I cleared my life queue ages ago, and keep clearing it over and over and over again. Still, there so many things that I would like to do, that I can’t just lie down and meditate until I die. That’s not living!

So here’s what I do to keep on living without filling my queue.

1. List it.

I love lists. They’re my favorite. I have an ongoing list of things I want to do or learn. We also have a family bucket list of things we want to do, like eat pizza in Italy. Mine is a bit more realistic, but my kids dream big–go kids!

2. Choose it.

I pick one thing from the list–just one. Tempting as it is to think I could learn to quilt and tap dance and make a family cookbook and learn to grill without burning the hair off my arm and memorize all the burn sounds of the North Woods feathery friends all at the same time, I know I can’t.

(I do sometimes choose one fun thing and one professional thing. For example, right now I am editing my book and learning the Charleston–one’s for work, one’s for the amusement of my baffled husband. Plus we always have a character trait that we’re working on, but that’s different, like breathing and eating.)

3. Do it.

Whatever it takes to do it, do it, as long as it doesn’t jeopardize peace, family, or faith. Don’t by any means make the “thing” more important than what really matters in life. Since it’s only one thing, it really shouldn’t take over your life, but rather add a little icing to your cake, chocolate chips to your cookie, salt to your giant pretzel. If it involves your family, even better.

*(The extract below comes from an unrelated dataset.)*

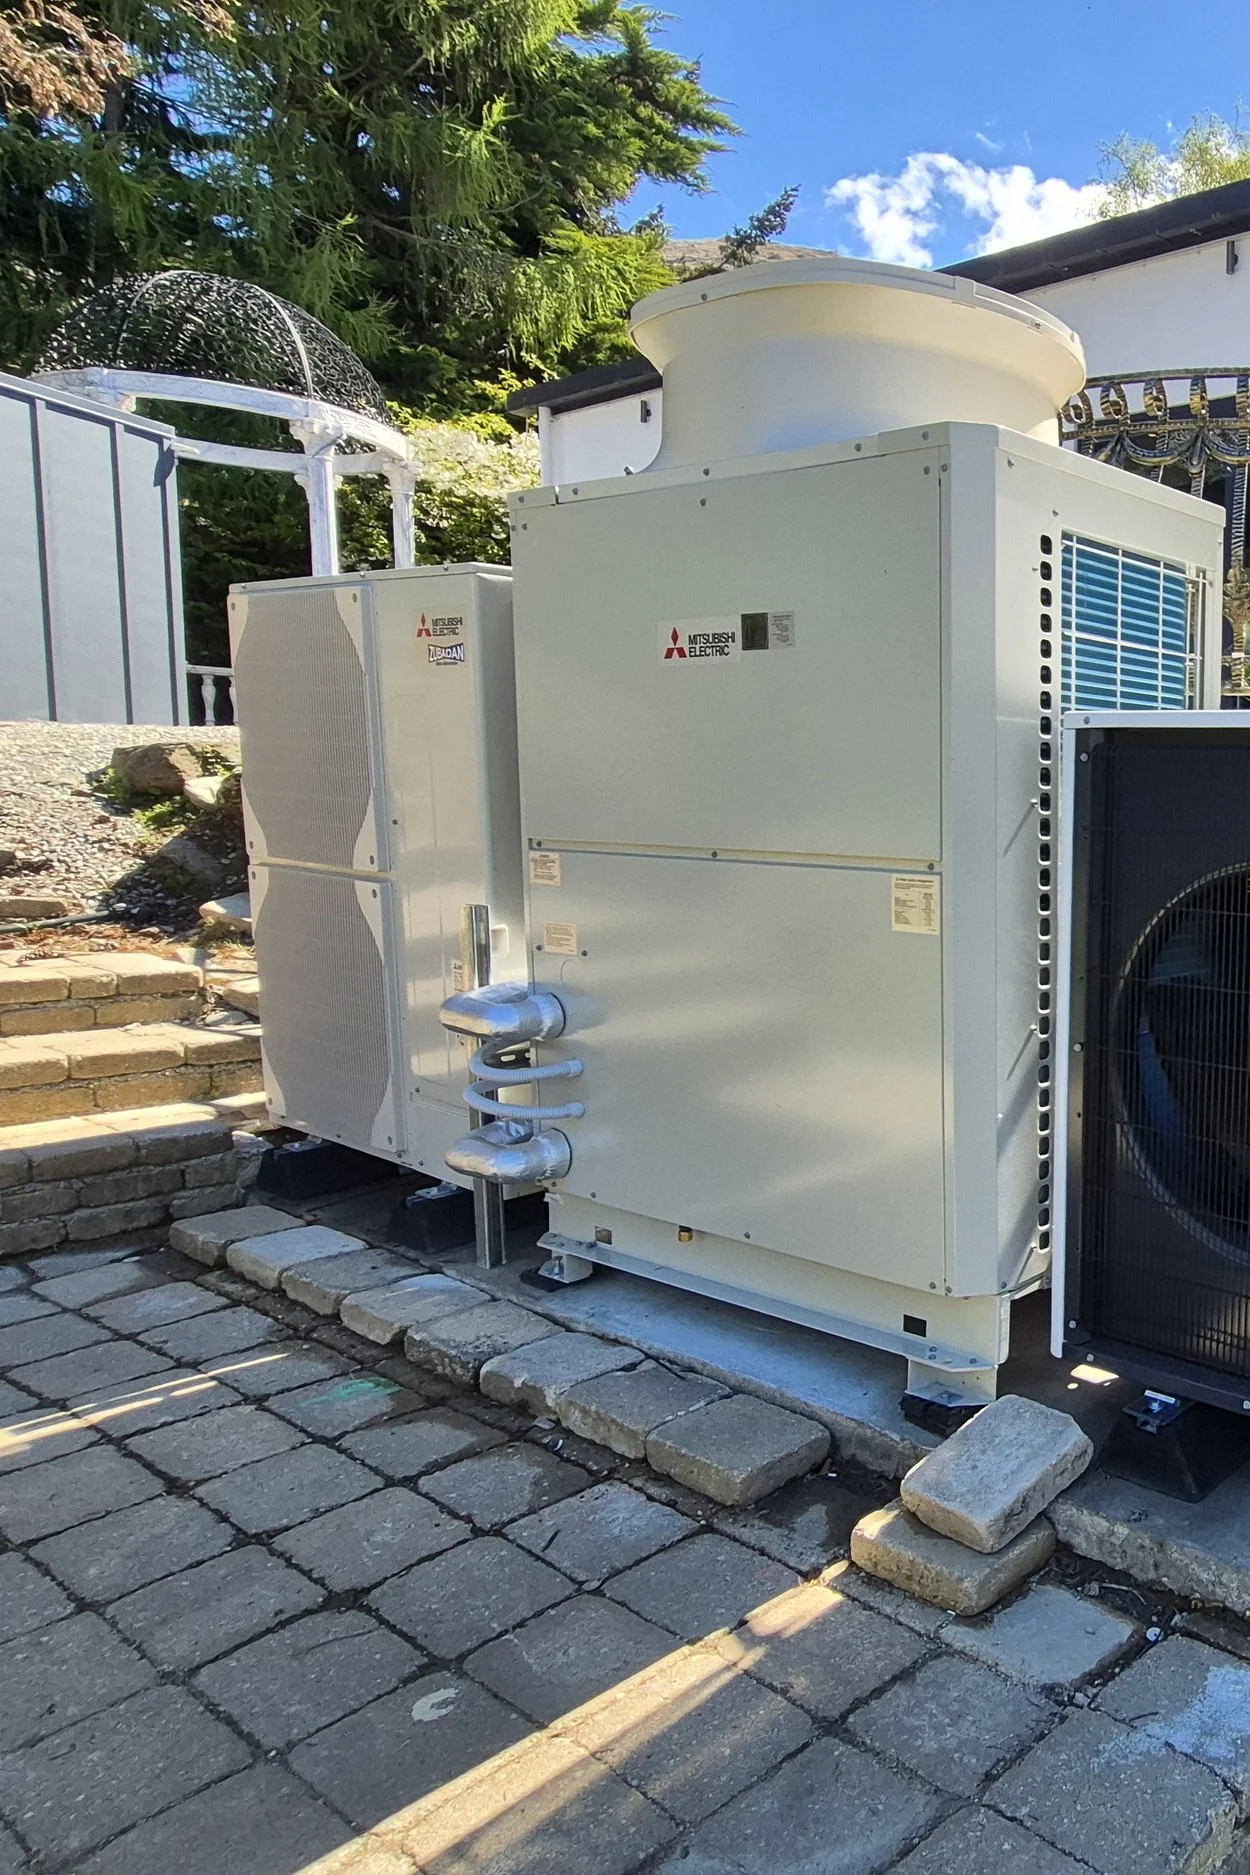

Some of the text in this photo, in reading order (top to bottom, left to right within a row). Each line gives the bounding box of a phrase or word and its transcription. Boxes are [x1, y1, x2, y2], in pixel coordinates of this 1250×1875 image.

I don’t spend time or money on anything else in my queue. If I come across something I would really love to learn or do, I add it to the list, but I don’t dabble in it yet, because I know I can’t handle a dozen dreams going at once…nor do I want to.

Will I die with undone dreams in my queue? Most likely. Will I have lived for the moment? Most definitely.

List it, choose it, and do it. It’s simple.

So, what one thing do you want to learn or do right now?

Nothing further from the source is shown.